◆ **What to produce**: The records that follow must be repeated exactly, except for their pictures.
═════ Source information ═════
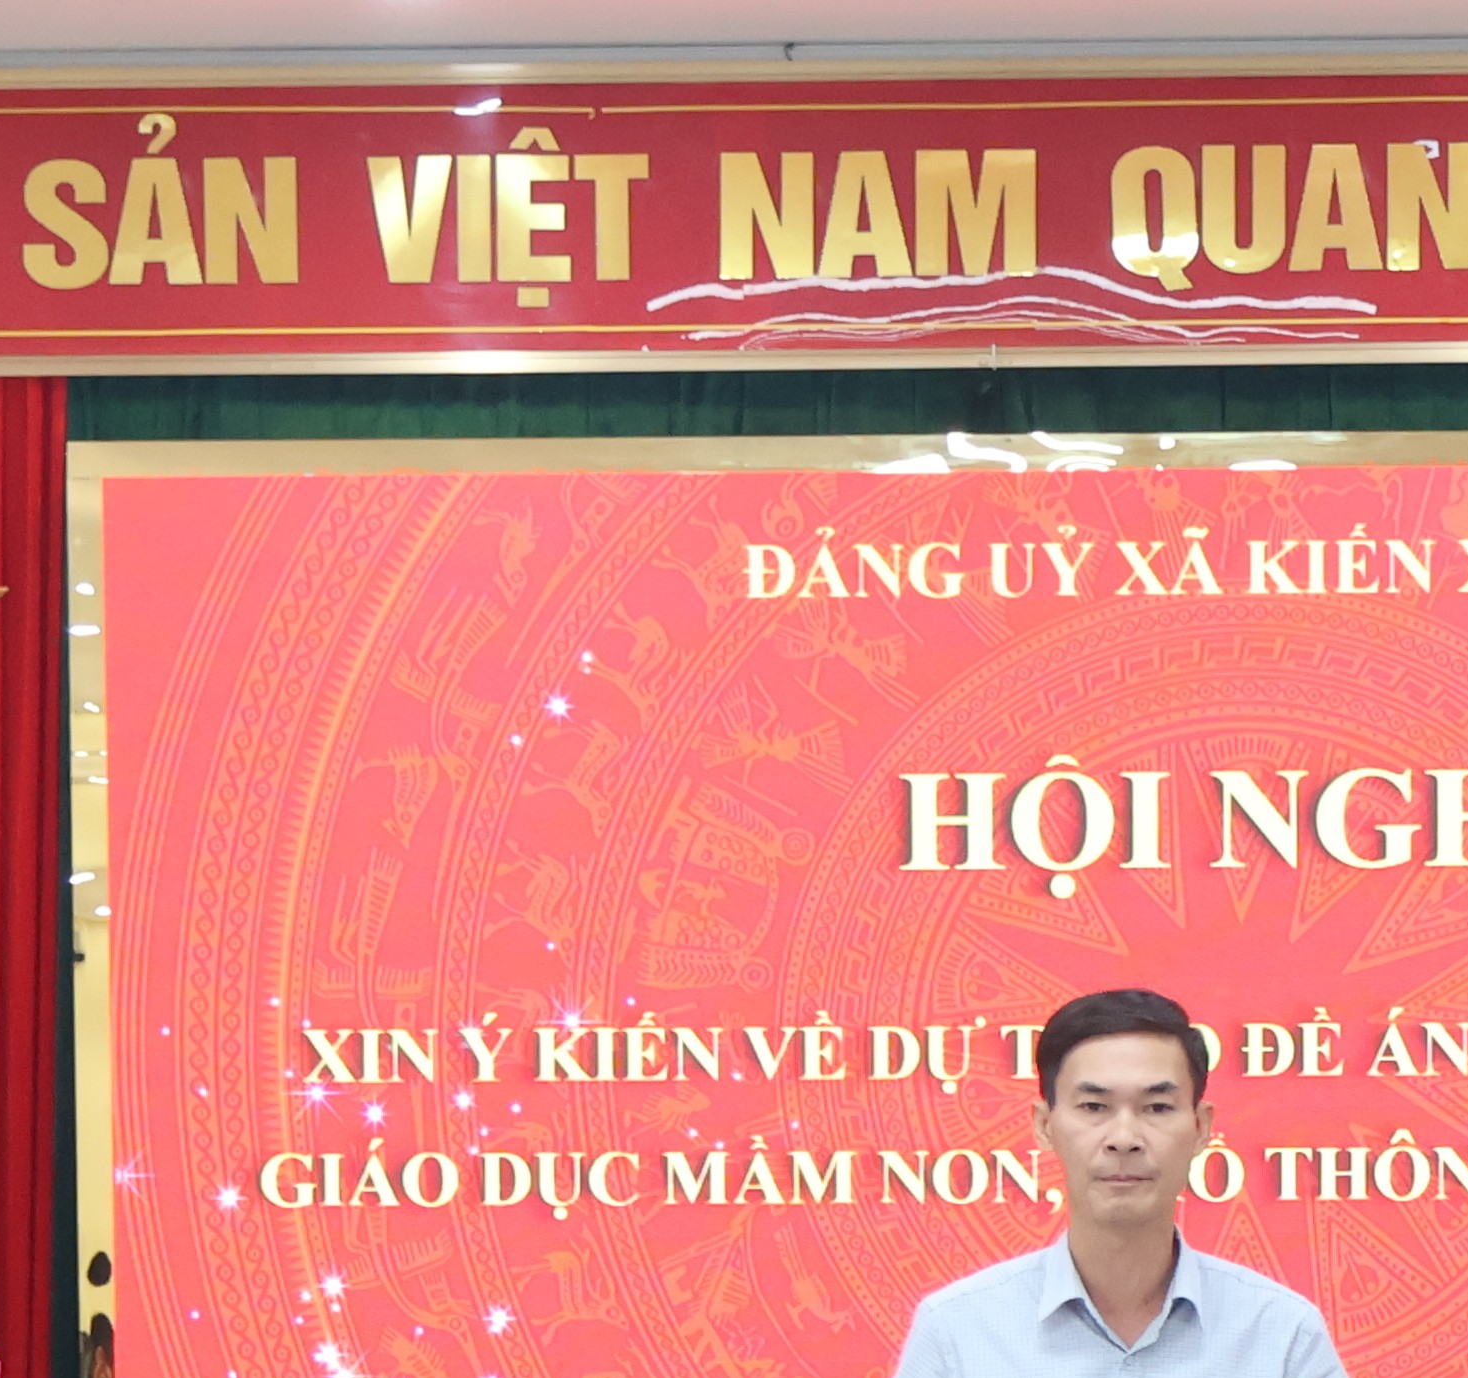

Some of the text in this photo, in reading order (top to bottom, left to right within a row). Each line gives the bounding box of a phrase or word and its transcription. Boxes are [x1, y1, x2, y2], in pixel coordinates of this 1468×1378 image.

[22, 113, 299, 290] SẢN
[368, 127, 649, 308] VIỆT
[720, 148, 1037, 282] NAM
[743, 527, 964, 599] ĐẢNG
[989, 525, 1095, 598] UỶ
[1115, 526, 1224, 596] XÃ
[1247, 523, 1435, 595] KIẾN
[899, 754, 1171, 899] HỘI
[303, 1025, 438, 1082] XIN
[457, 1012, 512, 1082] Ý
[535, 1012, 723, 1082] KIẾN
[747, 1010, 846, 1081] VỀ
[869, 1016, 987, 1094] DỰ
[1240, 1006, 1343, 1076] ĐỀ
[260, 1138, 459, 1209] GIÁO
[481, 1152, 639, 1220] DỤC
[664, 1136, 856, 1206] MẦM
[879, 1149, 1064, 1213] NON,
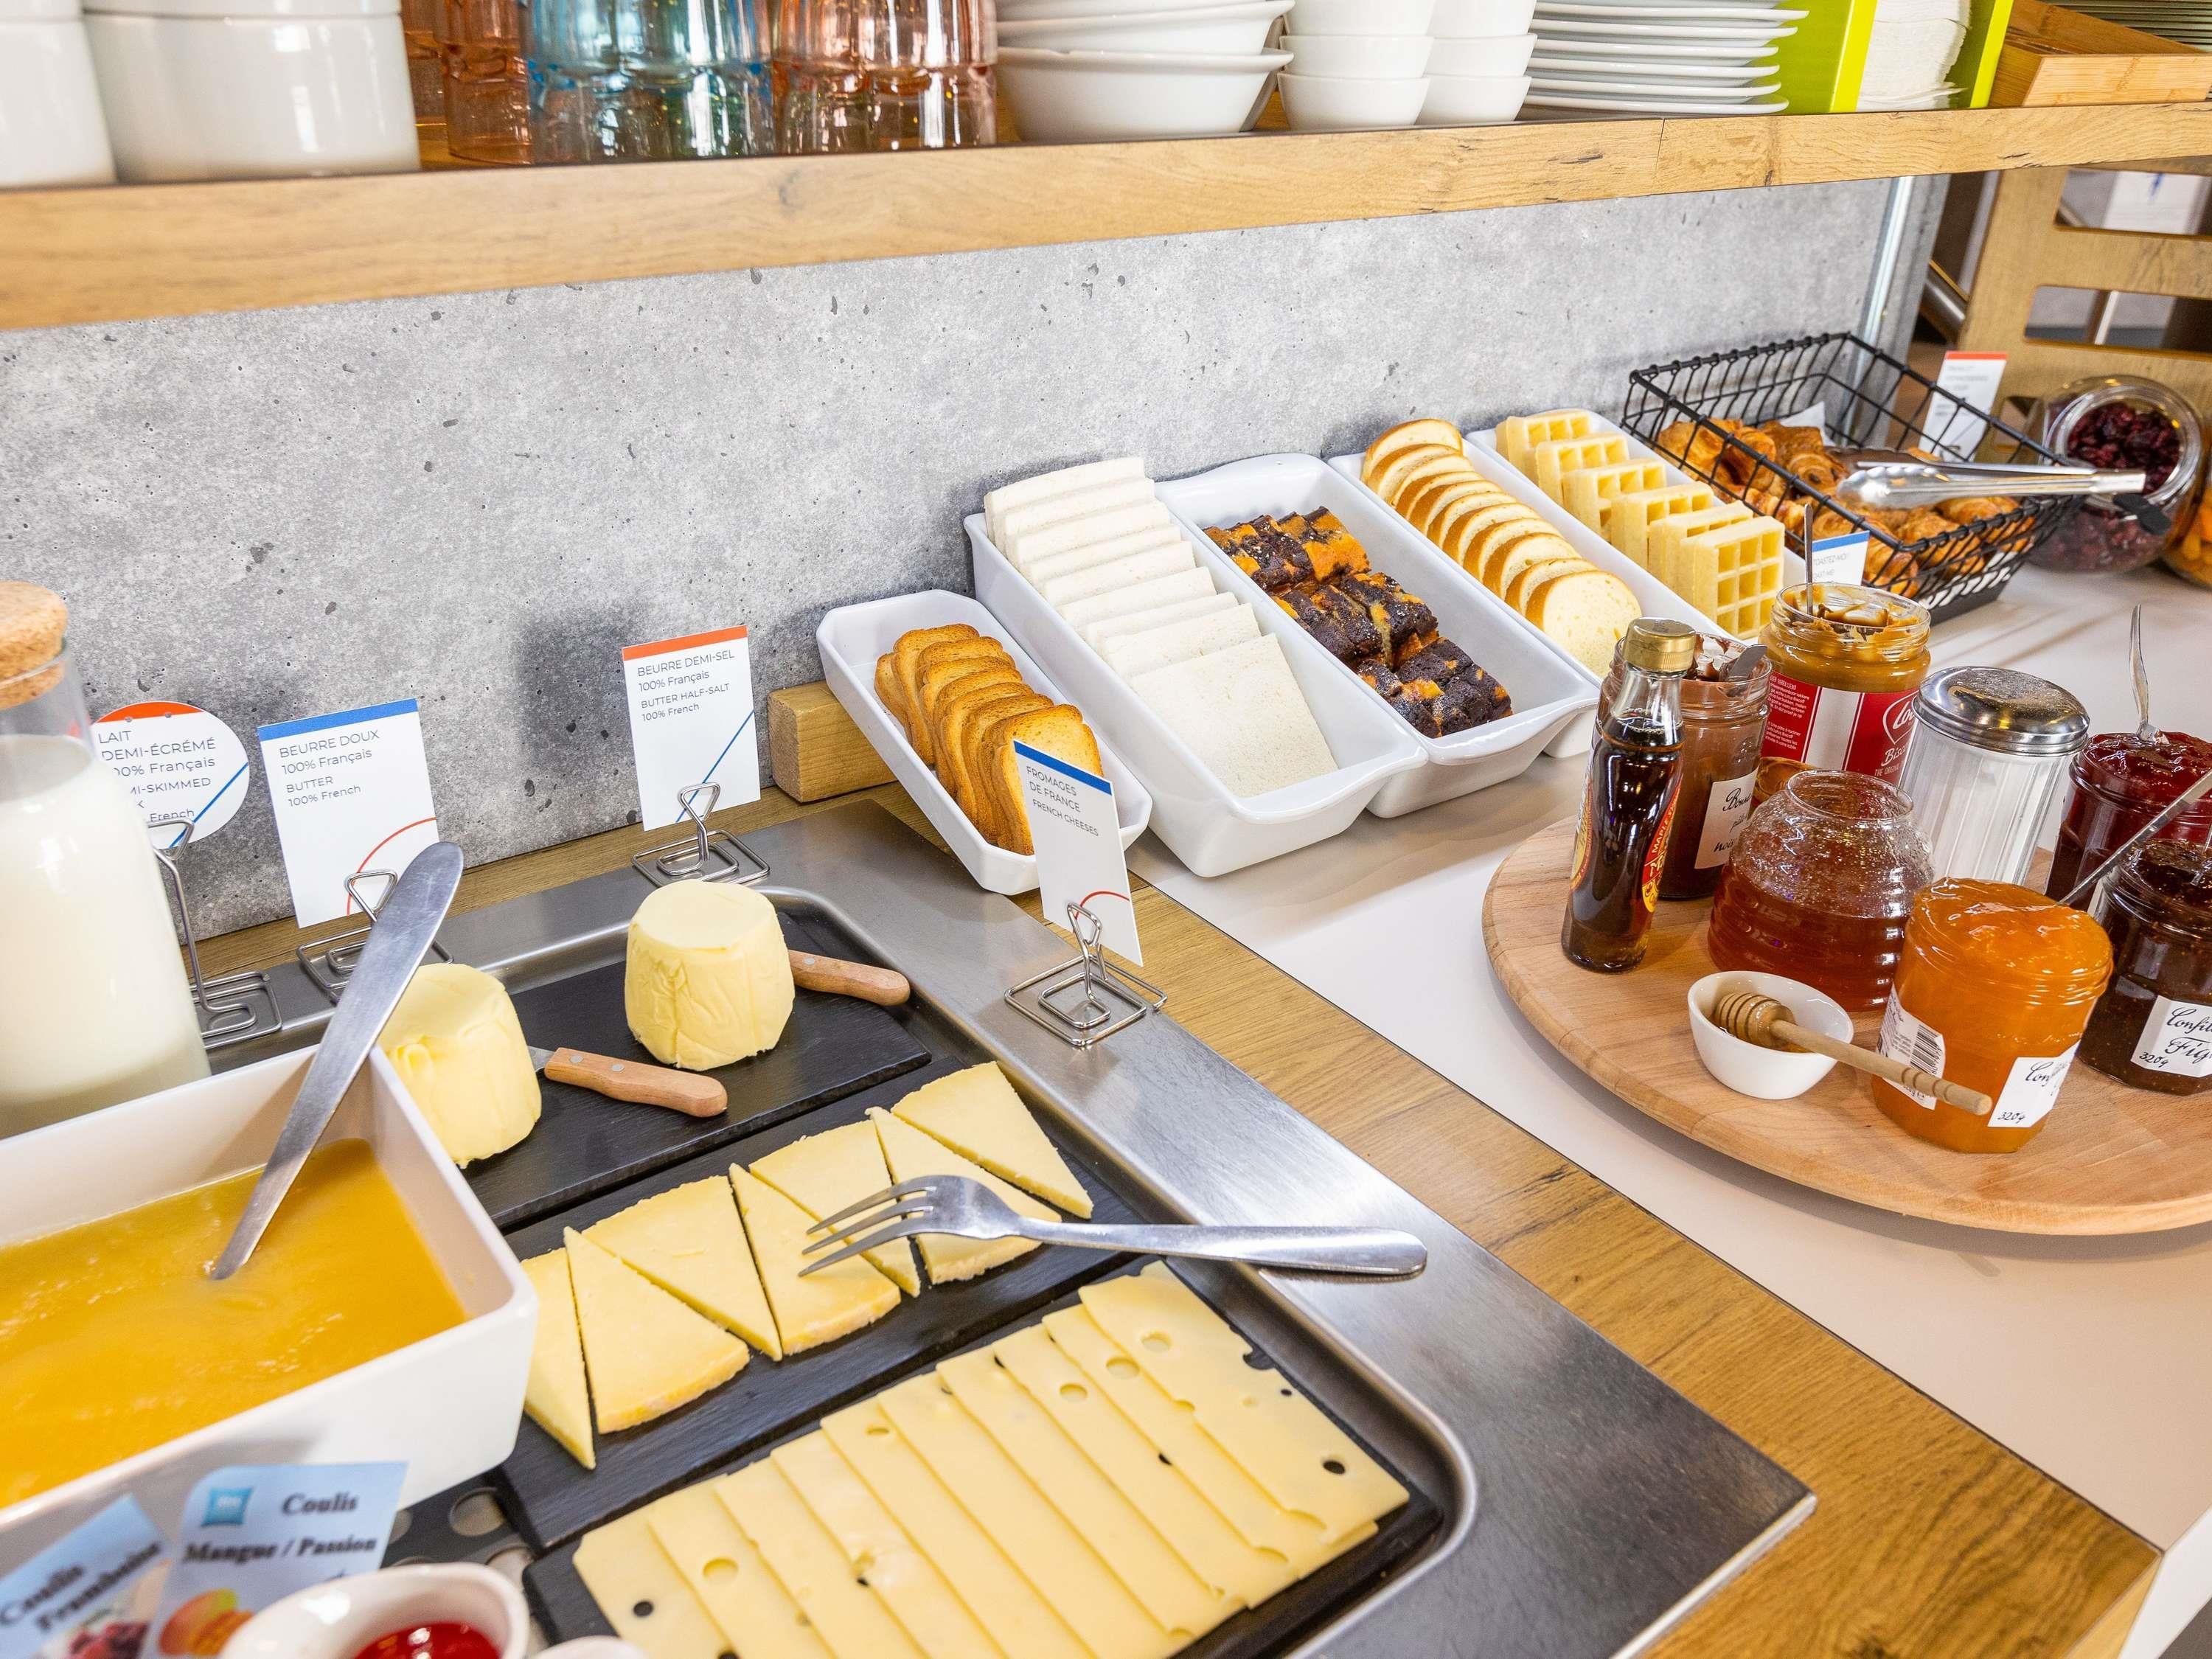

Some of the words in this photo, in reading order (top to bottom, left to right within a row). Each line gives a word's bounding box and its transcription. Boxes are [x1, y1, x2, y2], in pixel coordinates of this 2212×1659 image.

[638, 660, 683, 677] BEURRE
[685, 650, 735, 668] DEMI-SEL
[639, 679, 666, 692] 100%
[667, 670, 710, 686] Français
[641, 694, 678, 709] BUTTER
[681, 683, 730, 700] HALF-SALT
[642, 710, 666, 722] 100%
[668, 703, 700, 717] French
[98, 731, 131, 743] LAIT
[102, 737, 216, 761] DEMI-ÉCRÉMÉ
[279, 738, 337, 758] BEURRE
[339, 729, 380, 746] DOUX
[150, 757, 215, 773] Français
[282, 759, 317, 775] 100%
[319, 748, 372, 768] Français
[286, 776, 334, 793] BUTTER
[1026, 766, 1077, 796] FROMAGES
[288, 793, 319, 807] 100%
[321, 785, 361, 800] French
[1029, 781, 1043, 795] DE
[1044, 787, 1081, 813] FRANCE
[150, 808, 195, 823] French
[1032, 799, 1063, 820] FRENCH
[1065, 814, 1099, 836] CHEESES
[2165, 1037, 2212, 1064] Fig
[282, 1491, 360, 1514] Coulis
═════
◆ **Reply**:
Some of the text in this photo, in reading order (top to bottom, left to right within a row). Each line gives the bounding box of a phrase or word and its transcription. Boxes are [x1, y1, x2, y2], in pixel coordinates of this 1468×1378 image.

[22, 113, 299, 290] SẢN
[368, 127, 649, 308] VIỆT
[720, 148, 1037, 282] NAM
[743, 527, 964, 599] ĐẢNG
[989, 525, 1095, 598] UỶ
[1115, 526, 1224, 596] XÃ
[1247, 523, 1435, 595] KIẾN
[899, 754, 1171, 899] HỘI
[303, 1025, 438, 1082] XIN
[457, 1012, 512, 1082] Ý
[535, 1012, 723, 1082] KIẾN
[747, 1010, 846, 1081] VỀ
[869, 1016, 987, 1094] DỰ
[1240, 1006, 1343, 1076] ĐỀ
[260, 1138, 459, 1209] GIÁO
[481, 1152, 639, 1220] DỤC
[664, 1136, 856, 1206] MẦM
[879, 1149, 1064, 1213] NON,

Some of the words in this photo, in reading order (top to bottom, left to right within a row). Each line gives a word's bounding box and its transcription. Boxes are [x1, y1, x2, y2], in pixel coordinates of this 2212×1659 image.

[638, 660, 683, 677] BEURRE
[685, 650, 735, 668] DEMI-SEL
[639, 679, 666, 692] 100%
[667, 670, 710, 686] Français
[641, 694, 678, 709] BUTTER
[681, 683, 730, 700] HALF-SALT
[642, 710, 666, 722] 100%
[668, 703, 700, 717] French
[98, 731, 131, 743] LAIT
[102, 737, 216, 761] DEMI-ÉCRÉMÉ
[279, 738, 337, 758] BEURRE
[339, 729, 380, 746] DOUX
[150, 757, 215, 773] Français
[282, 759, 317, 775] 100%
[319, 748, 372, 768] Français
[286, 776, 334, 793] BUTTER
[1026, 766, 1077, 796] FROMAGES
[288, 793, 319, 807] 100%
[321, 785, 361, 800] French
[1029, 781, 1043, 795] DE
[1044, 787, 1081, 813] FRANCE
[150, 808, 195, 823] French
[1032, 799, 1063, 820] FRENCH
[1065, 814, 1099, 836] CHEESES
[2165, 1037, 2212, 1064] Fig
[282, 1491, 360, 1514] Coulis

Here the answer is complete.